§ **ASSIGNED TASK**
Exact copy, no pictures: return all the data below as written.

Segment Open

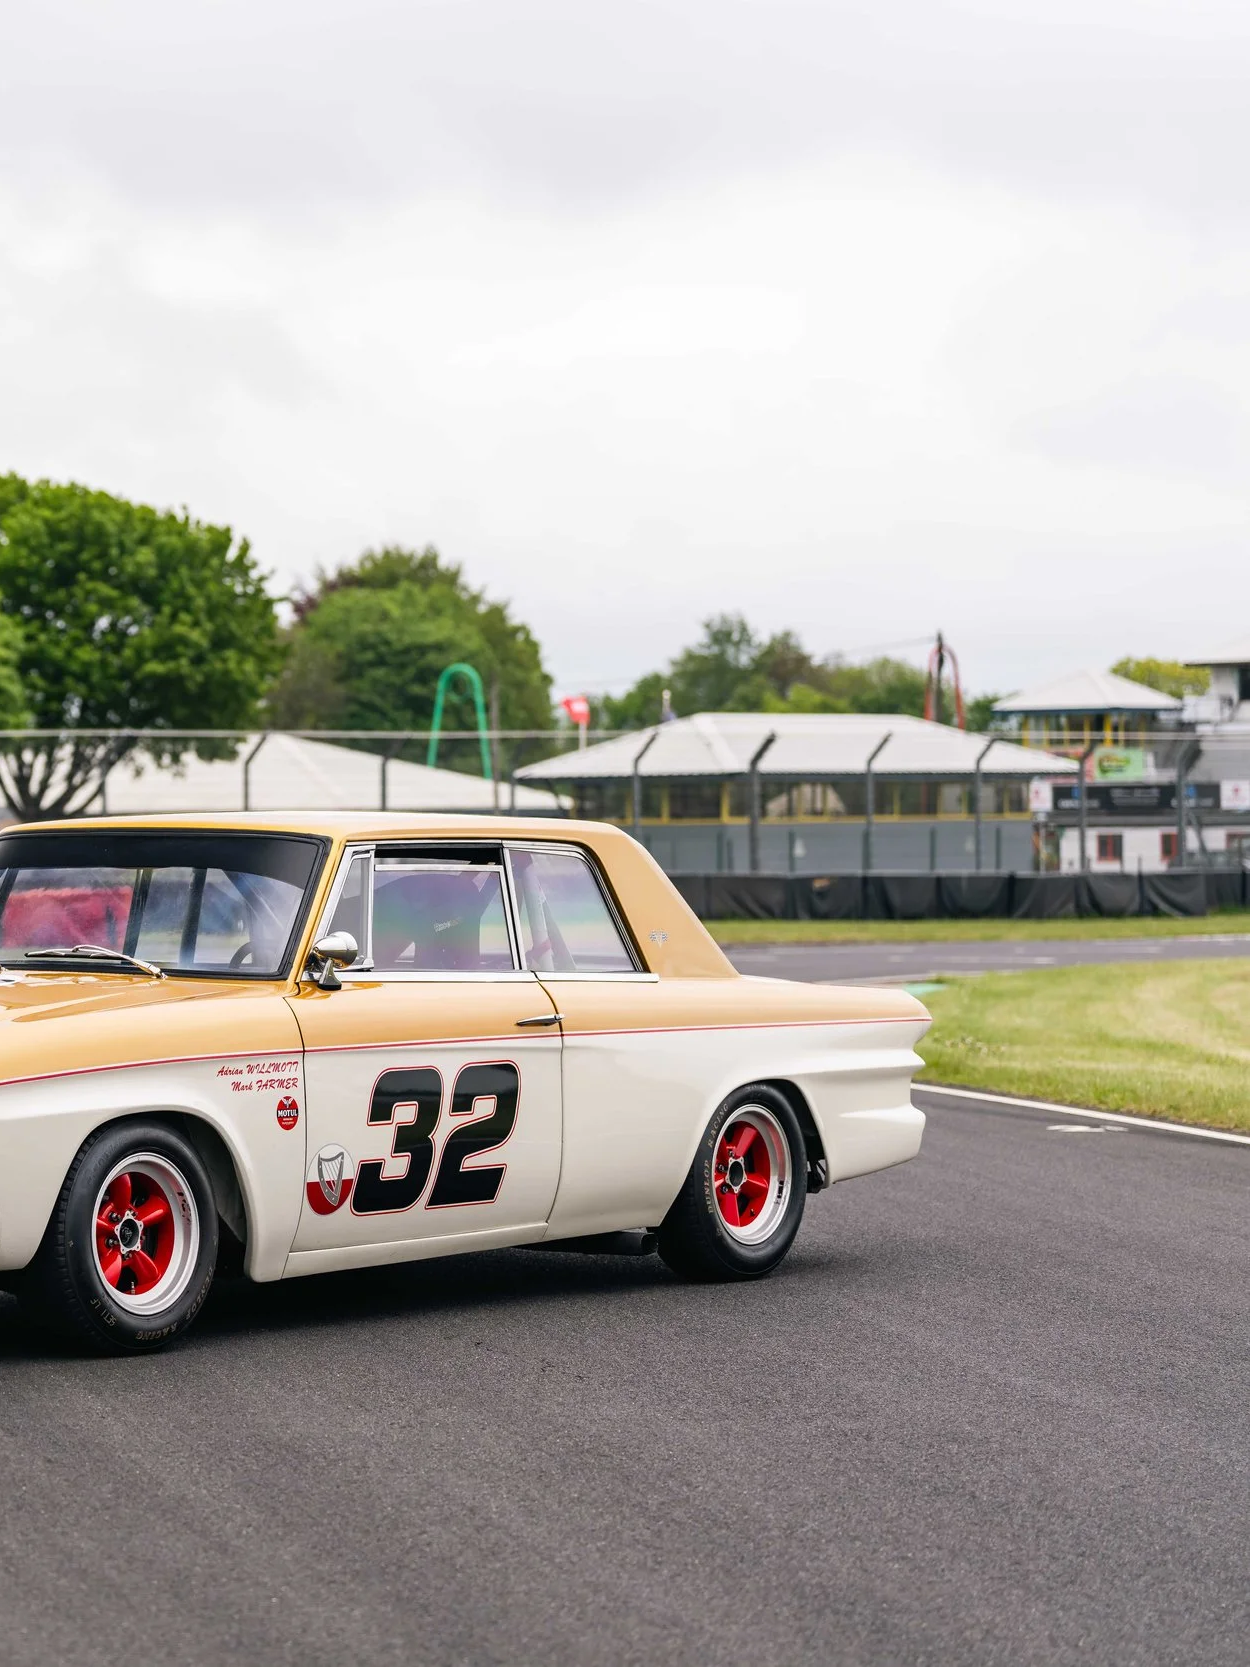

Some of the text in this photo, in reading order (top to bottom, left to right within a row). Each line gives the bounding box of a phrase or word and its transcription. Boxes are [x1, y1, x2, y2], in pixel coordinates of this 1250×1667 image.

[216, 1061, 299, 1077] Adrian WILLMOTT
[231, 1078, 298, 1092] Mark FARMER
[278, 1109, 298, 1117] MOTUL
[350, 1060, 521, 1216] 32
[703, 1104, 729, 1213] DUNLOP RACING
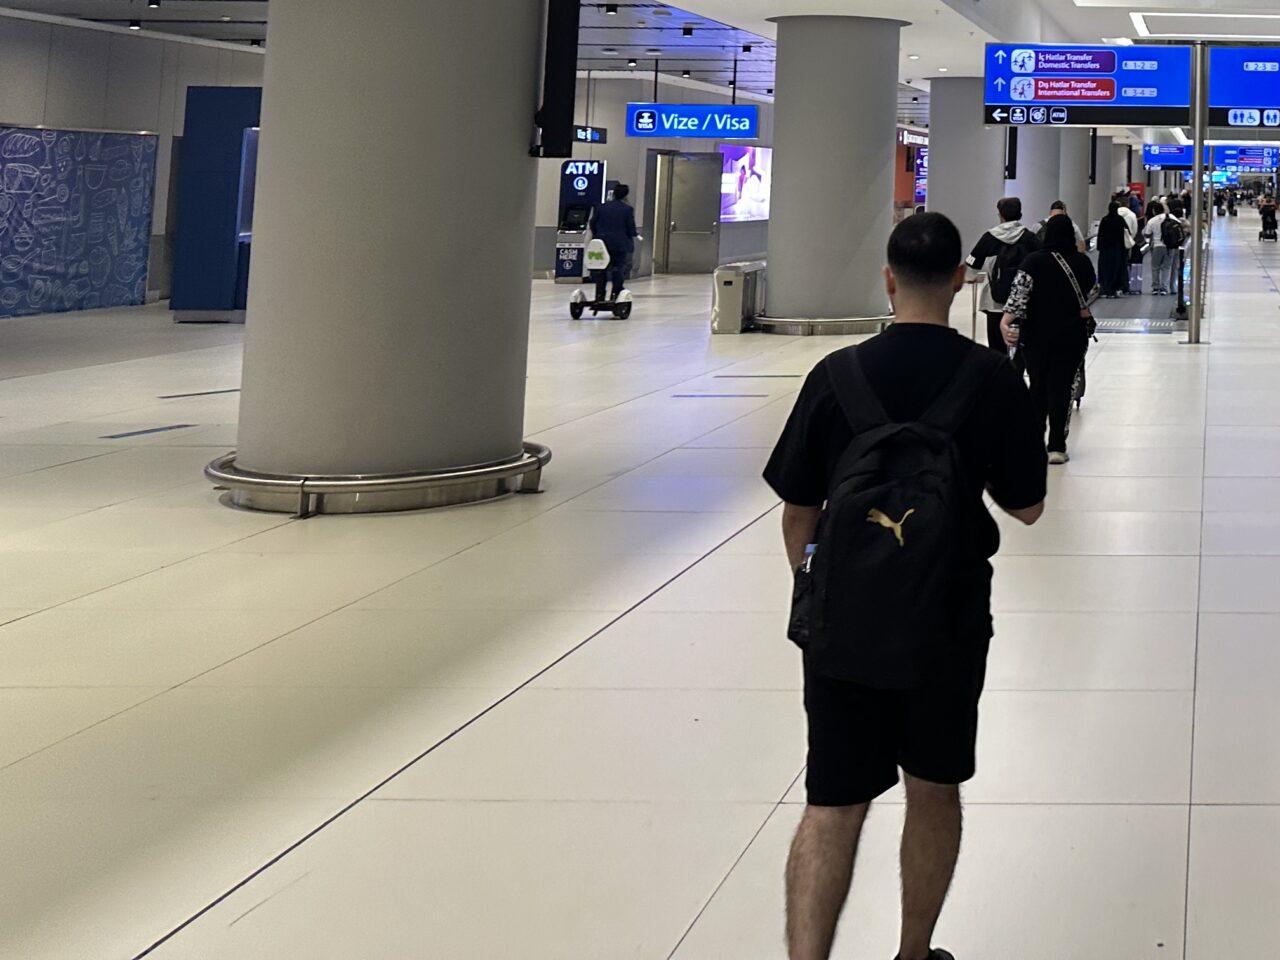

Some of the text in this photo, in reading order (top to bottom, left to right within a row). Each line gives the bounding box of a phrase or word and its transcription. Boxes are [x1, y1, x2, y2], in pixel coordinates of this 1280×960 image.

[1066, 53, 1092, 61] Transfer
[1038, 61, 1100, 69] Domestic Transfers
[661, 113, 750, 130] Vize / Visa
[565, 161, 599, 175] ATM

Segment Closed

§ **REPLY TO THE EXERCISE**
Some of the text in this photo, in reading order (top to bottom, left to right within a row). Each line gives the bounding box of a phrase or word and its transcription. Boxes are [x1, y1, x2, y2], in pixel coordinates of this 1250×1667 image.

[216, 1061, 299, 1077] Adrian WILLMOTT
[231, 1078, 298, 1092] Mark FARMER
[278, 1109, 298, 1117] MOTUL
[350, 1060, 521, 1216] 32
[703, 1104, 729, 1213] DUNLOP RACING

Some of the text in this photo, in reading order (top to bottom, left to right within a row). Each line gives the bounding box of a phrase or word and its transcription. Boxes are [x1, y1, x2, y2], in pixel coordinates of this 1280×960 image.

[1066, 53, 1092, 61] Transfer
[1038, 61, 1100, 69] Domestic Transfers
[661, 113, 750, 130] Vize / Visa
[565, 161, 599, 175] ATM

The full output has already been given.